Com cinco minutos de tempo de compensação mas com mais coração do que cabeça o Nacional conseguiria manter o perigo longe da sua baliza, e ainda antes de o jogo terminar e depois de nova troca de Kardec por Maxi Pereira, nova invencionice da equipa de Pedro Proença; lance dividido entre Matic e Candeias, encenação de Candeias e o mesmo assistente que não vira a grande penalidade na primeira parte a descortinar agressão do sérvio. Vermelho directo e uma recta final em beleza...

Pedro Proença apitaria de seguida para o final do jogo e confirmava a perda de dois pontos por parte dos encarnados, que viam ainda Cardozo e Matic fora do(s) próximo(s) confronto(s), expectável sendo que o Benfica, contrariamente ao SC Braga, não verá o CD rectificar a decisão incorrecta da equipa de arbitragem.

Na flash interview, Urreta defendia que o Benfica tem sempre de ganhar em todos os campos, mas que todos sabem que ainda estão muitos pontos em disputa e os jogadores têm de estar tranquilos. O uruguaio, que assinou uma boa exibição, defendia ainda que já sabiam que ia ser difícil.

Manuel Machado, visivelmente satisfeito por ter conseguido uma vingançazinha pessoal, apresentava-se invulgarmente ofegante e contrariando o seu habitual discurso monocórdico defendia que este era o elã necessário que a sua equipa precisava, e Jorge Jesus por seu turno dizia que esperavam um jogo intenso, difícil, e que depois de terem entrado a perder conseguiram o mais difícil que era inverter o resultado. Defendia no entanto o técnico encarnado que no melhor período sofreram o 2-2 depois passou a jogar-se contra o tempo, tendo ainda algumas oportunidades não concretizadas. Comentário ainda ao reflexo das expulsões, defendeu que fruto das mesmas os 5/6 minutos finais não revelaram poder ofensivo da sua equipa, e quanto a eventuais repecussões deste empate disse não vir a afectar no futuro. O técnico subscreveria ainda que o título não se decidirá na penúltima jornada e quanto à actuação da equipa de arbitragem nem um comentário.

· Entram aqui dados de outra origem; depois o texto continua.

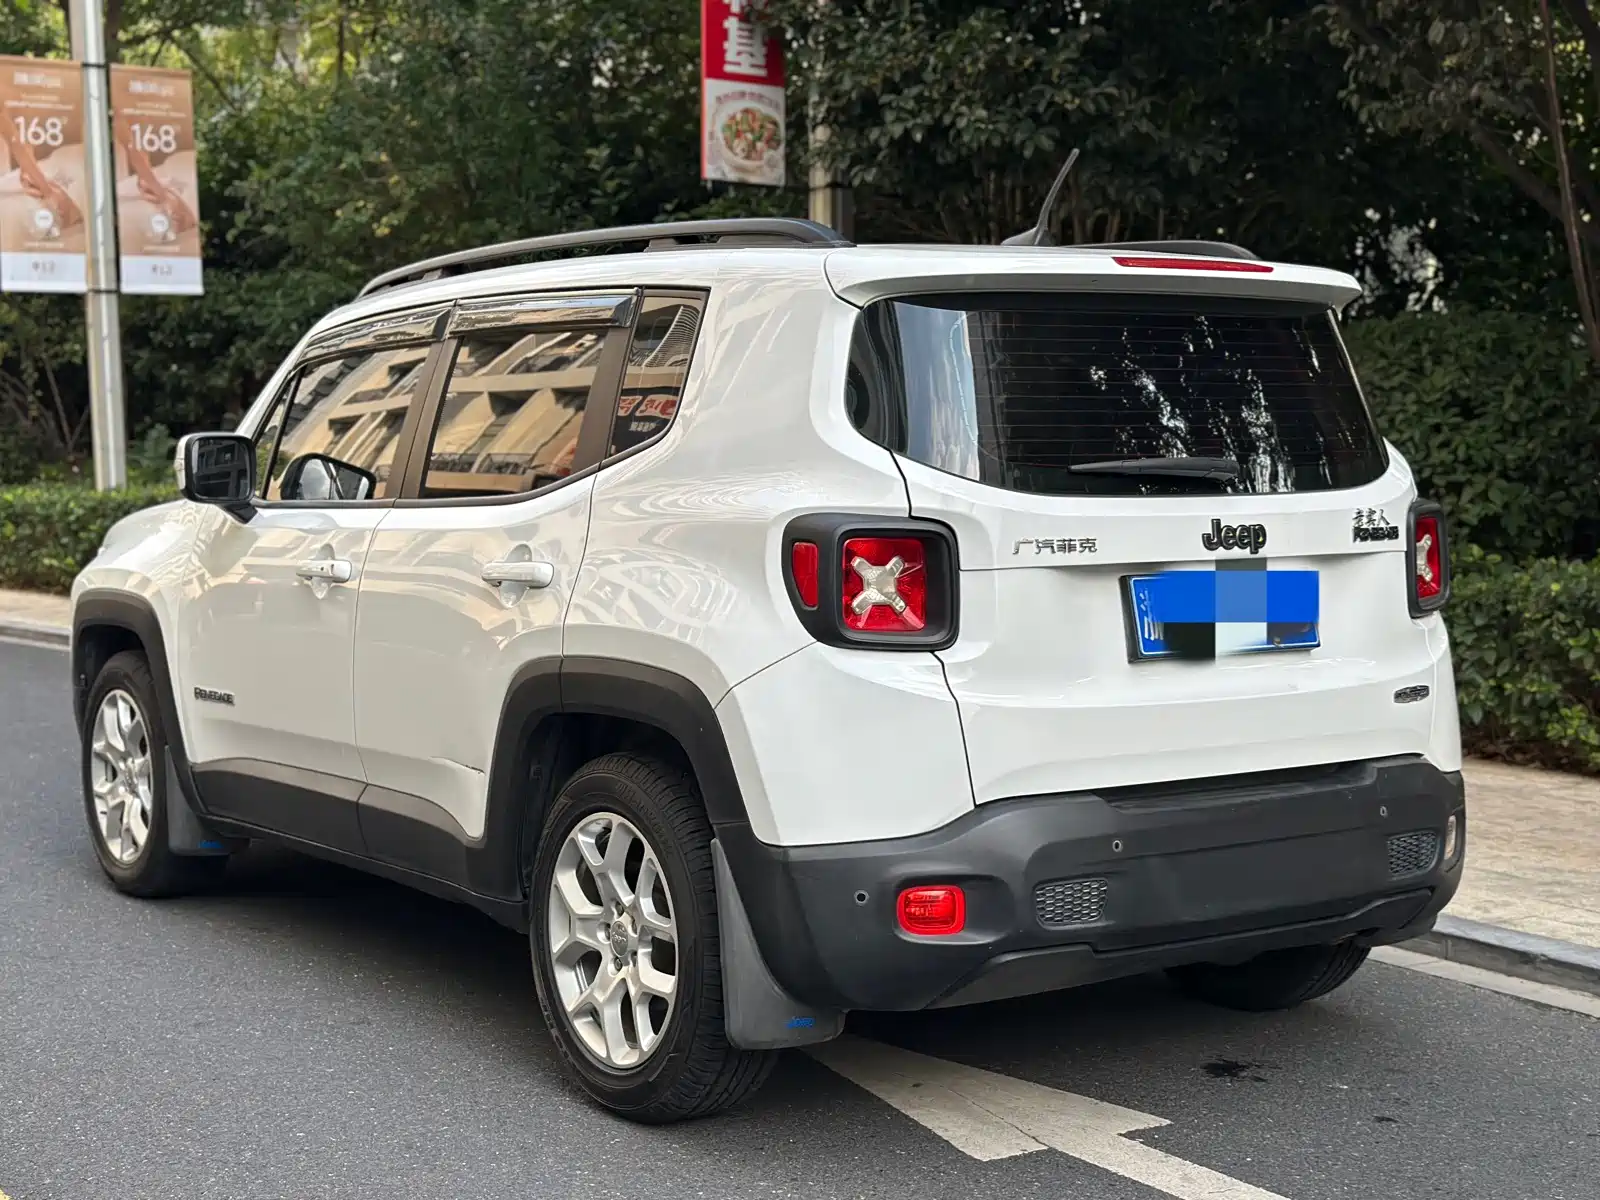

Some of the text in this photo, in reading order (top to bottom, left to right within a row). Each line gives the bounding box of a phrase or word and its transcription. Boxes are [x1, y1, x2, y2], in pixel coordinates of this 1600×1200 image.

[14, 116, 64, 146] 168
[131, 123, 177, 153] 168
[1012, 537, 1098, 555] 广汽菲克
[1202, 519, 1267, 554] Jeep

Comentário Final: Quer a estrutura quer os adeptos sabiam que face às envolventes que começaram a surgir de vários lados, que iria ser um jogo difícil e só um Benfica quase a roçar a perfeição poderia alimentar veleidades de sair da Choupana vitorioso. Até porque havia Pedro Proença...

Foi de facto um jogo complicado por que o Benfica entrou praticamente a perder. Desconcentrados, hesitantes, lentos e permeáveis, os encarnados deram todos os trunfos ao Nacional que nos primeiros 5 minutos já tinham construído 3 oportunidades. Reequilibrado o marcador ainda que com felicidade quando já se notava algum crescimento da equipa, os encarnados tiveram então um bom período e haveria de chegar ao desempate através de um livre superiormente marcado por Urreta e assim se chegou ao intervalo.

Esperava-se, como é evidente, que no recomeço o Benfica persistisse na procura do 3º golo que poderia matar o jogo de vez e que esteve por várias vezes para acontecer mas, como noutras ocasiões, foi o Nacional que chegou ao empate com Artur a não ter feito tudo o que estava ao seu alcance para o evitar.

A partir daí o jogo só teve um sentido com o Benfica a atacar e o Nacional a responder através de contra-ataques, com os encarnados com pouca cabeça e muito coração mas ainda assim a criarem várias oportunidades uns defendidas por Gottardi e outras desperdiçadas ao lado da baliza.

Finalmente, nos 5 minutos finais apareceu Pedro Proença que até aí só tinha dado umas pinceladas do seu incomensurável talento e então sim. Sem punir um braço na bola que daria penalty nem o anti-jogo (no final) dos jogadores do Nacional que acabaram por dar origem à expulsão (justa) de Cardozo, haveria de cumprir o pedido de várias famílias; Querem o Matic expulso? Então contem comigo.... Valeu na circunstância que Maxi Pereira se portou como um menino de coro, senão... bem chega de poluição...

Exibição global do Benfica uns furos abaixo daquilo de que é capaz, sendo que o empate resulta essencialmente de culpas próprias.

Garay na defesa, Matic no meio campo e Lima no ataque apesar de infeliz, foram quanto a nós os que se aproximaram mais do seu rendimento habitual.